What you will do — Would you please return the line containing "this 1736×1547 image." and all the lines after it through the end of the records below, unchanged and on their own?

Material for this task —

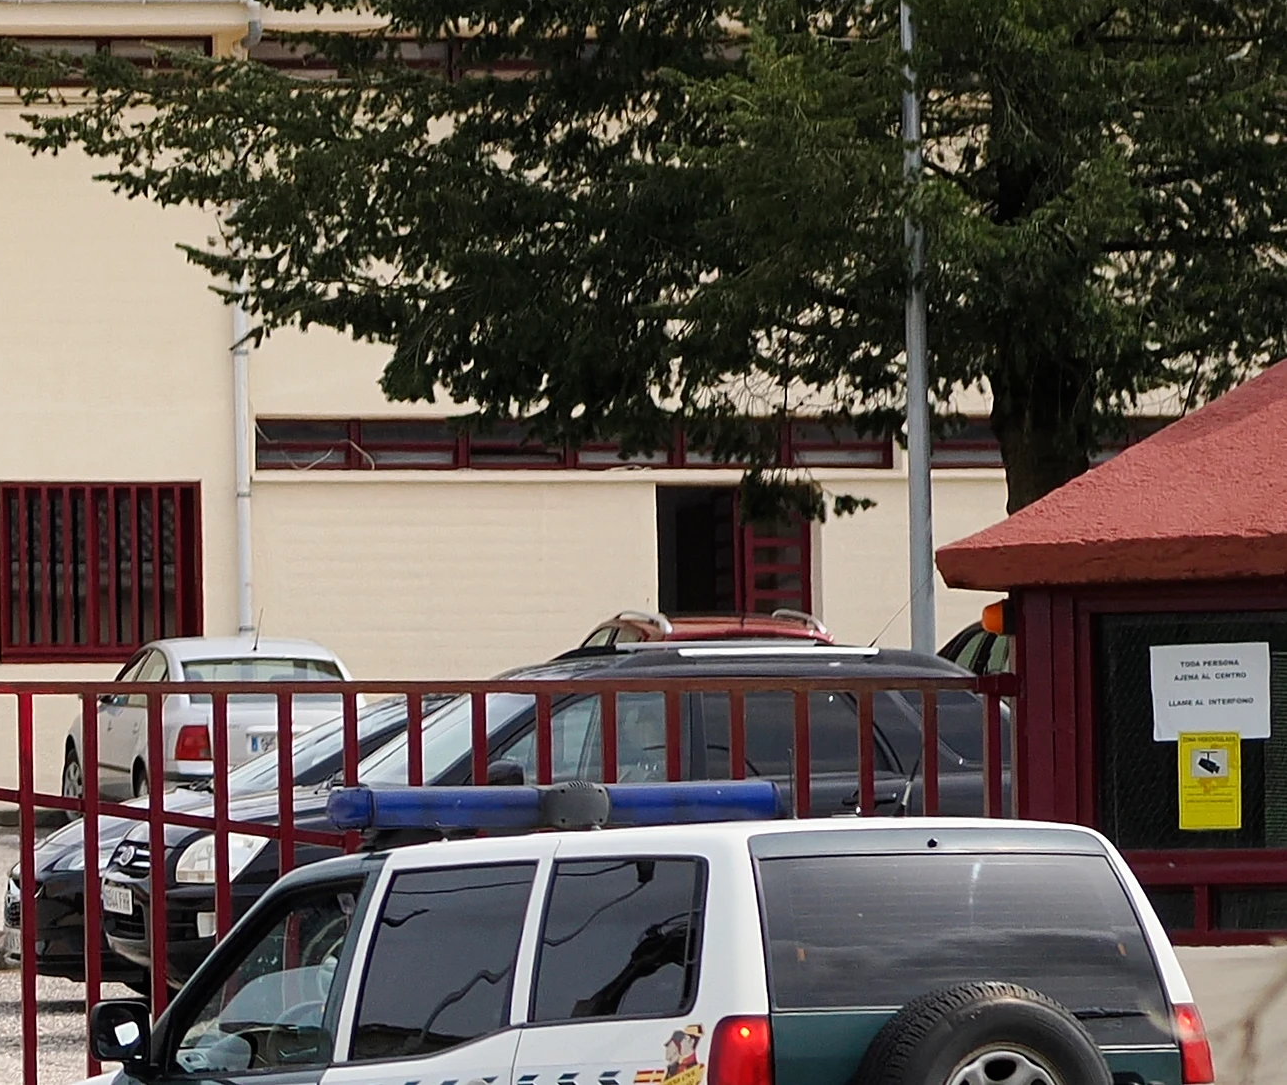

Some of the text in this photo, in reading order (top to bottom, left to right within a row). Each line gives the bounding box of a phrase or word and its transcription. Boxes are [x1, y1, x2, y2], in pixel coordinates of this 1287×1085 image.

[1180, 659, 1239, 668] TODA PERSONA
[1173, 674, 1199, 682] AJENA
[1215, 672, 1247, 680] CENTRO
[1168, 699, 1193, 707] LLAME
[1208, 697, 1254, 706] INTERFONO
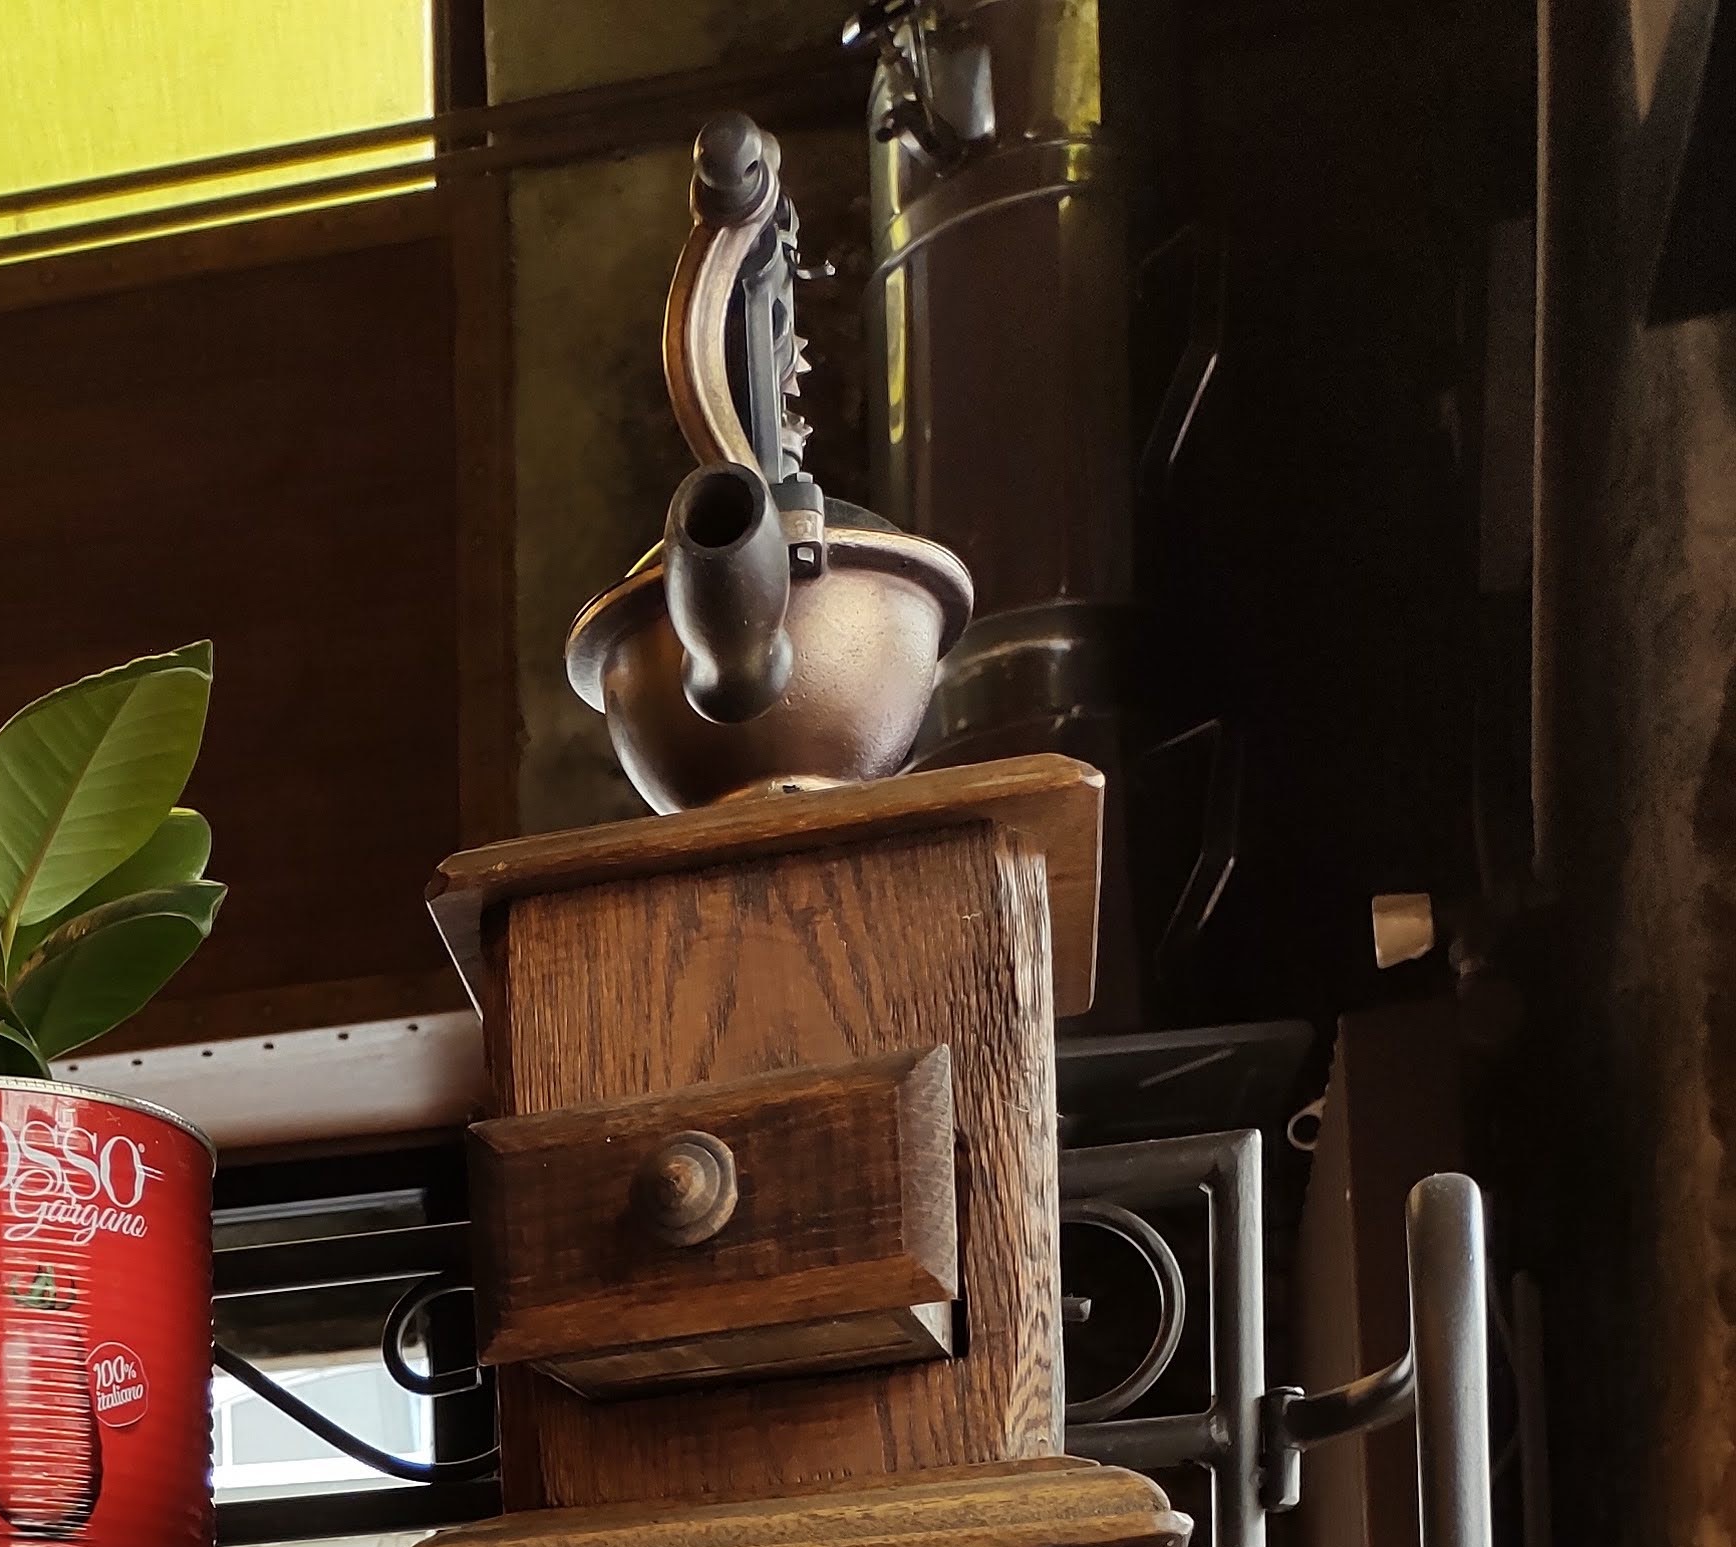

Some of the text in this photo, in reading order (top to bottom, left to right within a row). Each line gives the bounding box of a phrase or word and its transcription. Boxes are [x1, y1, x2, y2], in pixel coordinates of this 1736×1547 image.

[4, 1169, 149, 1246] Gargano
[93, 1355, 137, 1390] 100%
[96, 1384, 144, 1411] italiano

Task solution —
Some of the text in this photo, in reading order (top to bottom, left to right within a row). Each line gives the bounding box of a phrase or word and its transcription. Boxes are [x1, y1, x2, y2], in pixel coordinates of this 1736×1547 image.

[4, 1169, 149, 1246] Gargano
[93, 1355, 137, 1390] 100%
[96, 1384, 144, 1411] italiano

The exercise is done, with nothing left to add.